There’s no better feeling than checking off every item from your to-do list. It’s smart to try to take that same approach to homebuying.
First, you worry about how much home you can afford and whether you’ll even qualify for a mortgage. Then, comes the fun part: going on a house hunt to try and find your dream home.
But the business end of buying took a more serious turn after the credit crisis. Lenders now are asking borrowers to fully expose their financial life and are tougher on credit and other financial factors before making a loan.
It can be intimidating, especially for first-time buyers. Here, a look at your to-do list, a step-by-step guide to finessing financing:
Evaluate the Lender
Yes, a lender will scrutinize your financial life. But before that happens, make sure the lender passes your test.
Lenders are in the service business; they should be attentive to your questions, keep you informed about the status of your application and keep the loan on track for a timely closing.

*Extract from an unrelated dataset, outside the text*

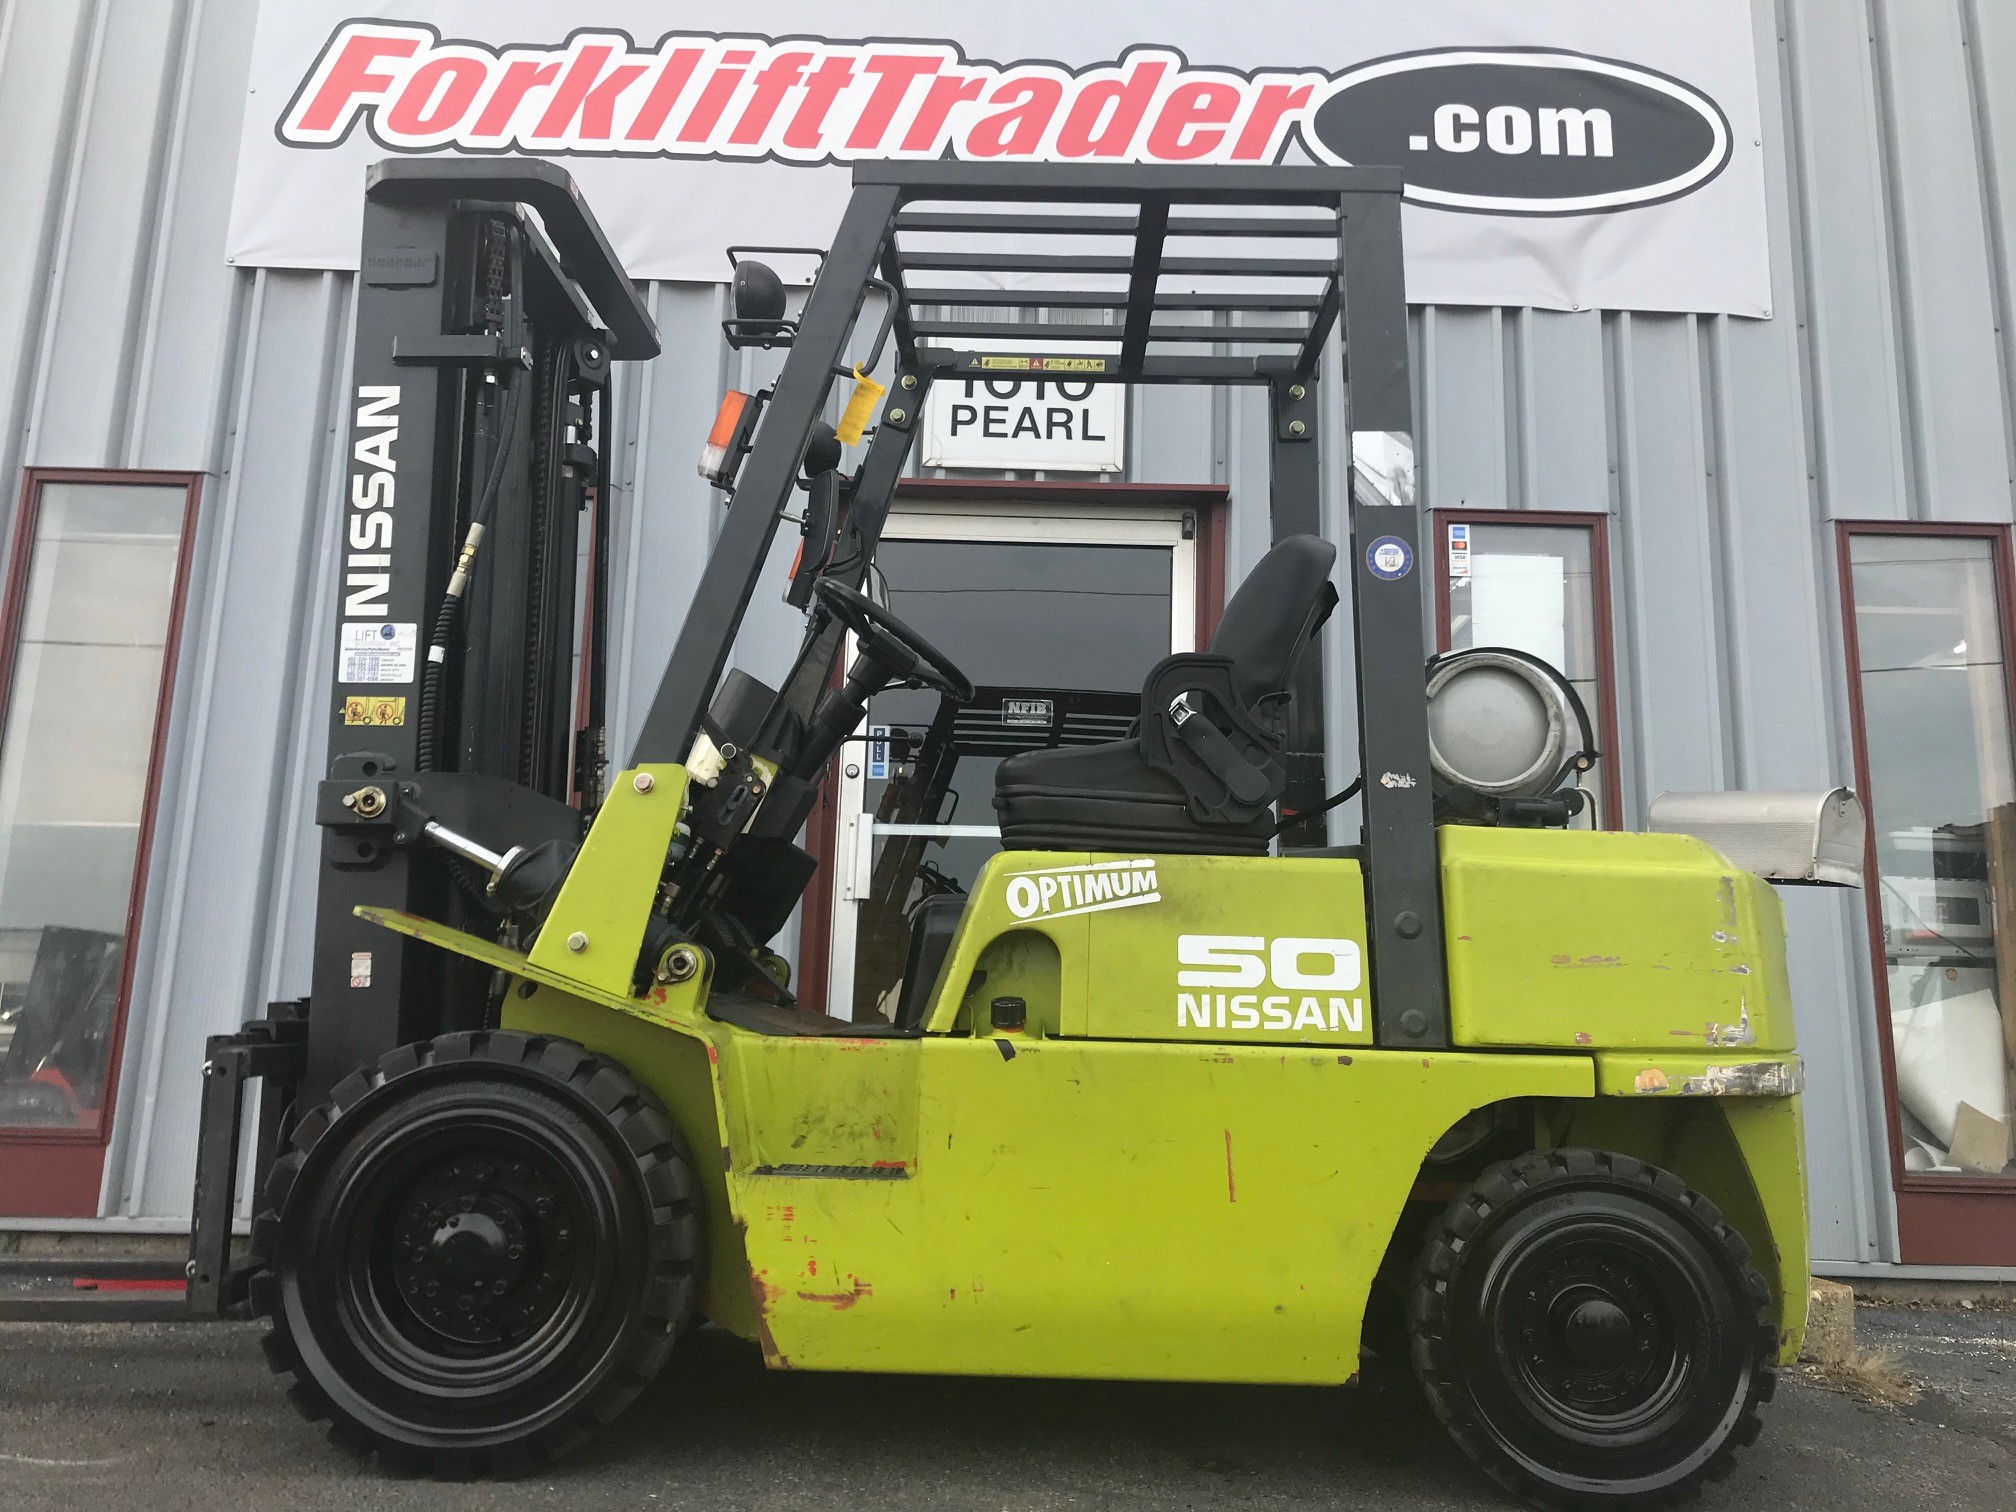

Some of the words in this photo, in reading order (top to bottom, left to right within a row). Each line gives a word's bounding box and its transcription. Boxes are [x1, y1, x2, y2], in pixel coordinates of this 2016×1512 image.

Ask for the name of a loan officer at a lending or banking firm from a real estate agent who sells a lot of homes, suggests David Reed, author of “Decoding the New Mortgage Market” (AMACOM, 2009).
“Good loan officers rely on steady referrals from top agents, and they know that if they mess up a transaction they no longer get that agent’s business,” Reed says.

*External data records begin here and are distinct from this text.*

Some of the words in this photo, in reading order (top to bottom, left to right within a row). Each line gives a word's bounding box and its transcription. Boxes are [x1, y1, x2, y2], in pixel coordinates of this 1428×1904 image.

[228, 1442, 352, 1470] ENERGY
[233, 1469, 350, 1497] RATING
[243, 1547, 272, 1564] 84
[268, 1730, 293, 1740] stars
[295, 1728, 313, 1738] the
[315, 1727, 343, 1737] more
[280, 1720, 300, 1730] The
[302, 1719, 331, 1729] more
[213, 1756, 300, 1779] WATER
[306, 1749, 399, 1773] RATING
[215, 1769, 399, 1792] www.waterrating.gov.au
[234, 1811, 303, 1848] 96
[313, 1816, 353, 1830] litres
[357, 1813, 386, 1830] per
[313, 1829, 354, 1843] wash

If you’re already banking with an institution you’re happy with, apply for a mortgage there, suggests Leslie Linfield, executive director of the Institute for Financial Literacy in Portland, Maine.

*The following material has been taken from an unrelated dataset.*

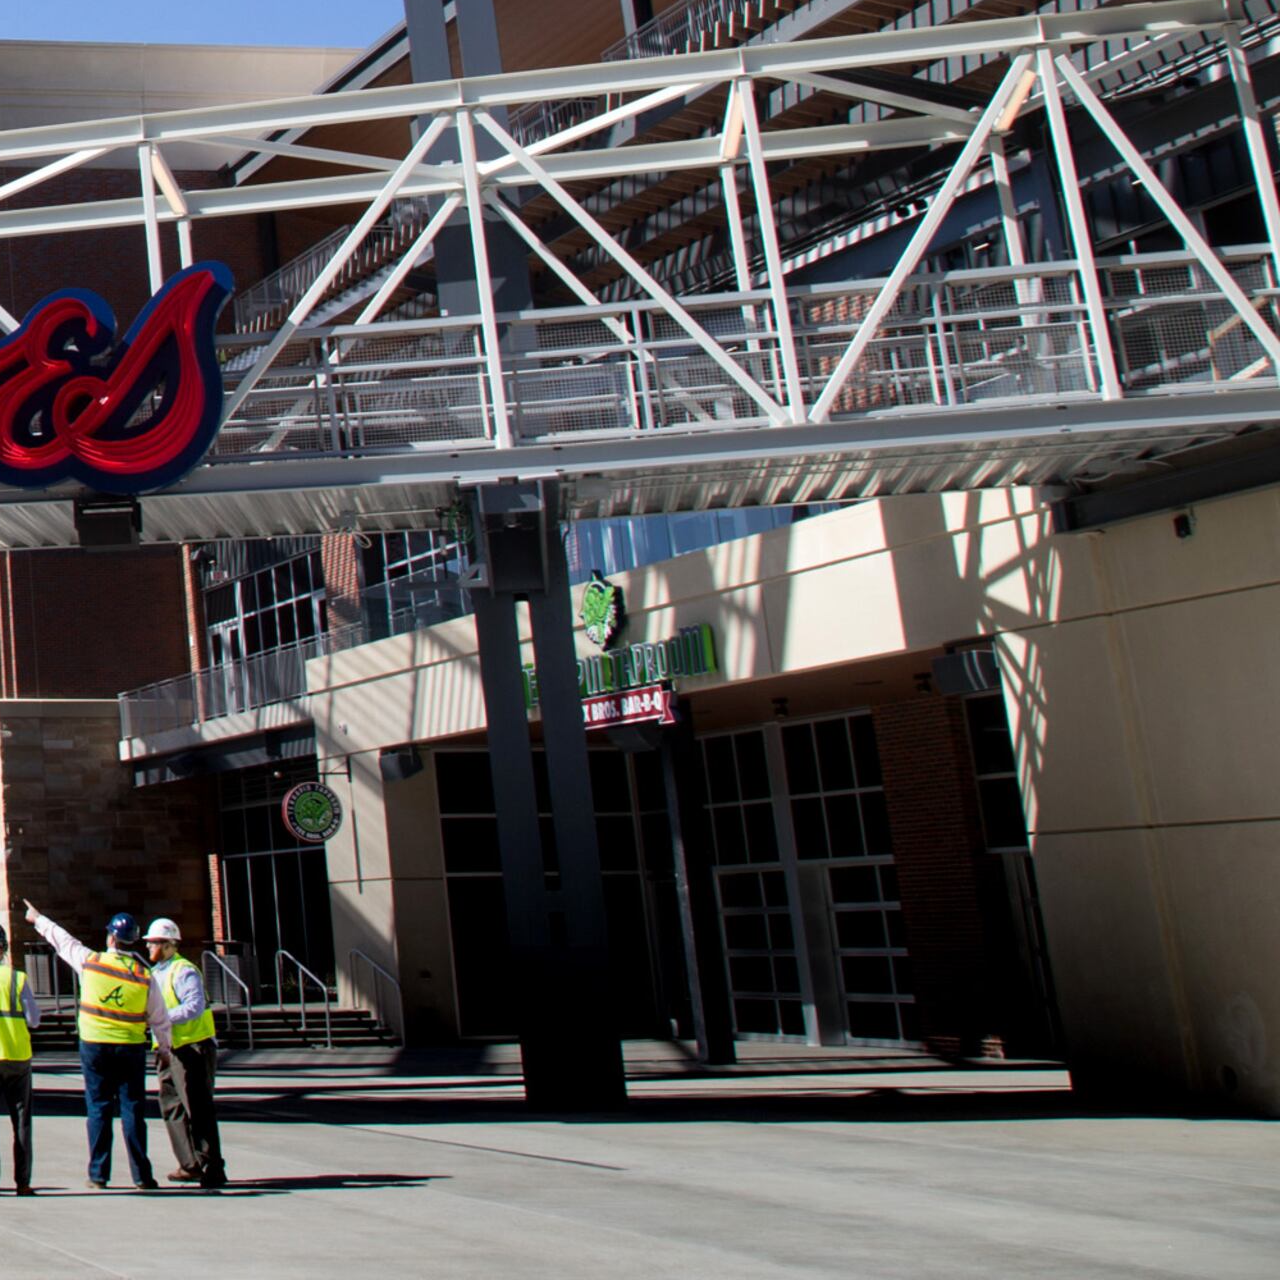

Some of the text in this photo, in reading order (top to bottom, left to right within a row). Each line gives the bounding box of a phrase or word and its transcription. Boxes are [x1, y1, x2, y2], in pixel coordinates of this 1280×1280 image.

[606, 623, 717, 691] TAPROOM
[591, 699, 620, 721] BROS.
[622, 692, 662, 716] BAR-B-Q
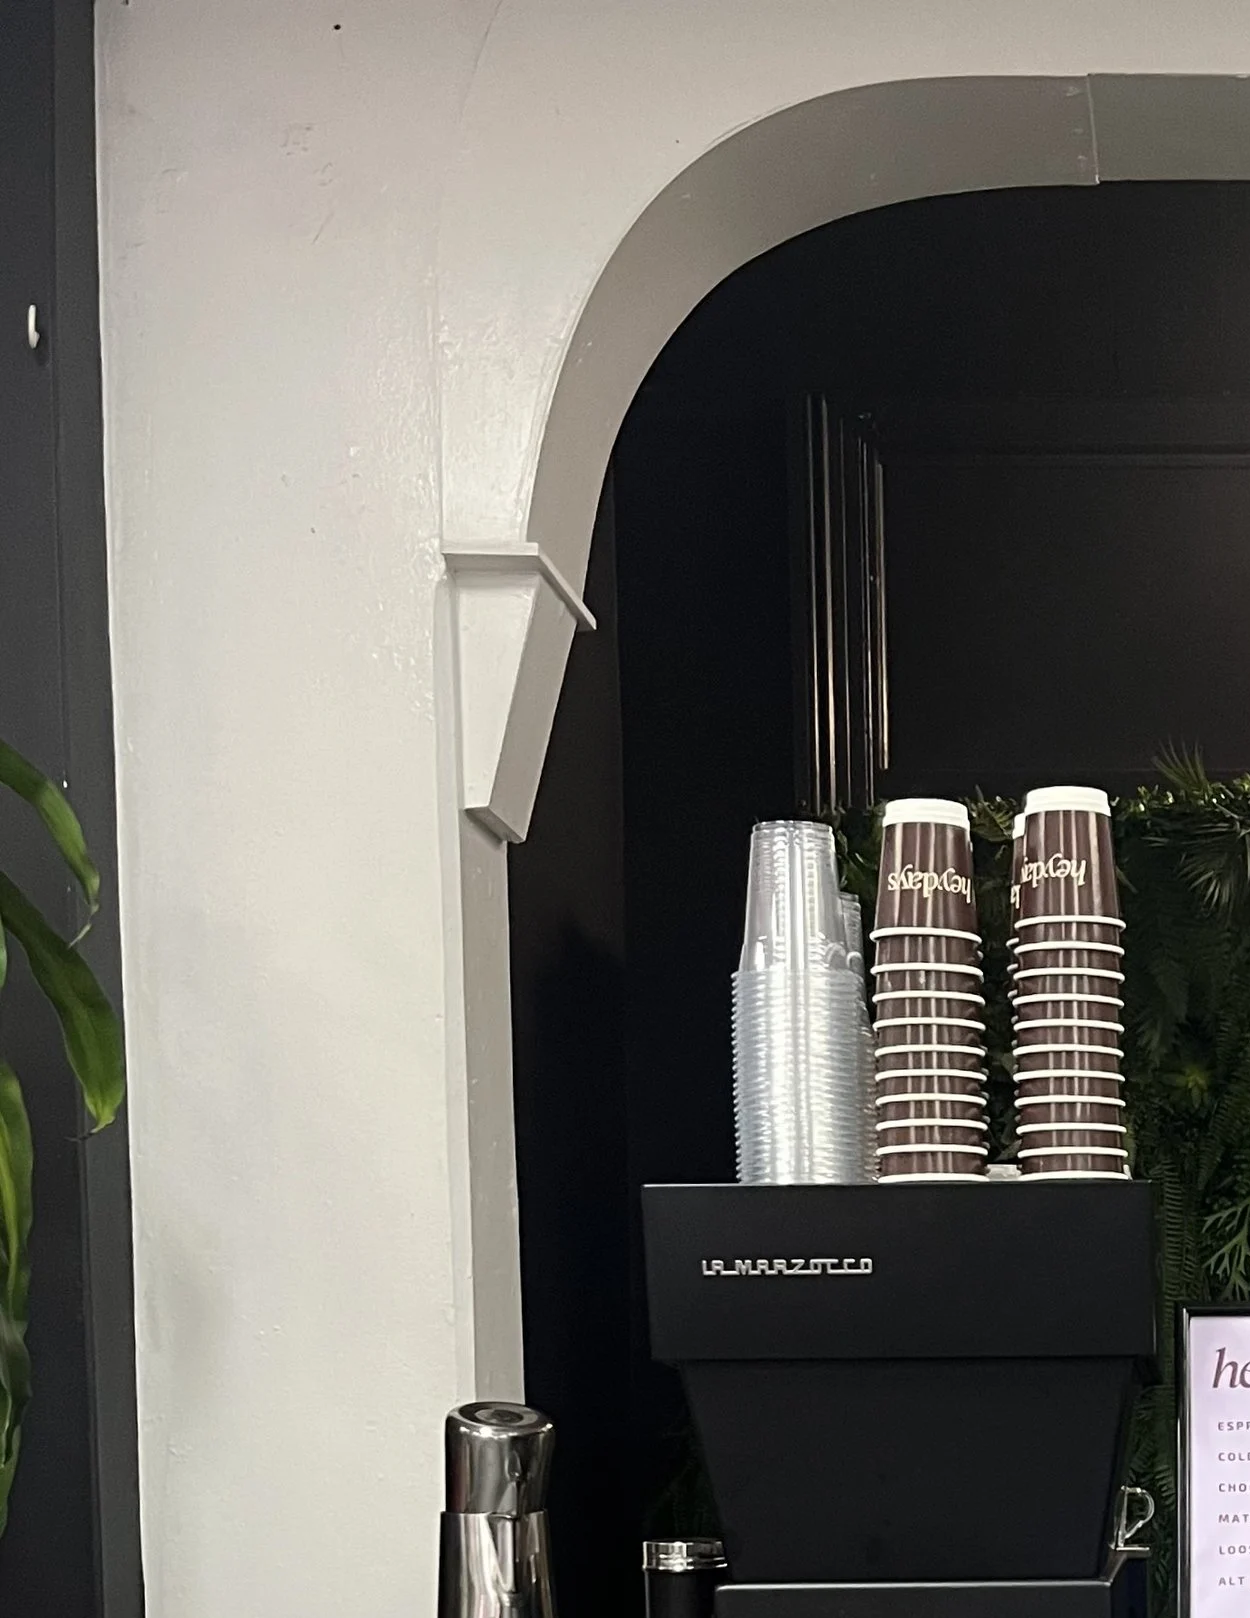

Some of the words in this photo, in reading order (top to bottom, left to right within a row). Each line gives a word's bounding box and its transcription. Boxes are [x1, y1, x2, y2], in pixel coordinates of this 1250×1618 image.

Applying where you bank often means you don’t have to gather records showing your savings, since the bank has the information, adds Jim Linnane of Wells Fargo Home Mortgage in Chicago.
Before you walk into a lender to apply for a loan, do a little comparison shopping, suggests Barry Zigas, director of housing policy for the Consumer Federation of America. Study mortgage ads in the newspaper, says Zigas, call a few firms and ask about their rates on a mortgage of a certain size, and ask about fees.
If you have limited funds for a down payment, you may only qualify for a government-insured FHA loan, which only requires a 3.5-percent down payment. Find FHA-approved lenders at www.hud.gov. Moreover, first-time buyers with limited incomes may qualify for mortgages backed by states or localities, says Linfield. Many of these programs are listed on the HUD site.
Some real estate agents won’t take you out to look at homes unless you’re “pre-approved” for a mortgage of a certain amount and can confidently submit an offer on a home, explains Brian Seibert, president of the Michigan Association of Mortgage Professionals.
Often, a pre-approval is free or available for a minimal fee. A lender will take your financial vitals – credit score, income, savings – and then provide a preliminary idea of the amount you’ll be able to borrow.
Some potential borrowers will be advised that they need to improve their credit standing or other factors before pre-approval. A lender should be able to give some guidance on how to boost your financial profile in order to eventually qualify.
Know the Loan Terms
While pre-approval means that a lender has confidence in your ability to borrow and repay a loan, remember it’s only a preliminary judgment.
Your lender may ask for verification of your income and assets, including documents like your income tax returns, W-2 forms, pay stubs and bank statements.
The pre-approval offer doesn’t stretch out forever; it usually must be renewed after 90 days.
Once you find a home and formally apply for a mortgage, make sure you understand all the papers you sign, Zigas says. You will receive a document outlining all the fees associated with the loan when you close. You may, for example, be charged a fee for an appraisal the lender orders. The fees outlined in this document should closely match what you actually pay at closing.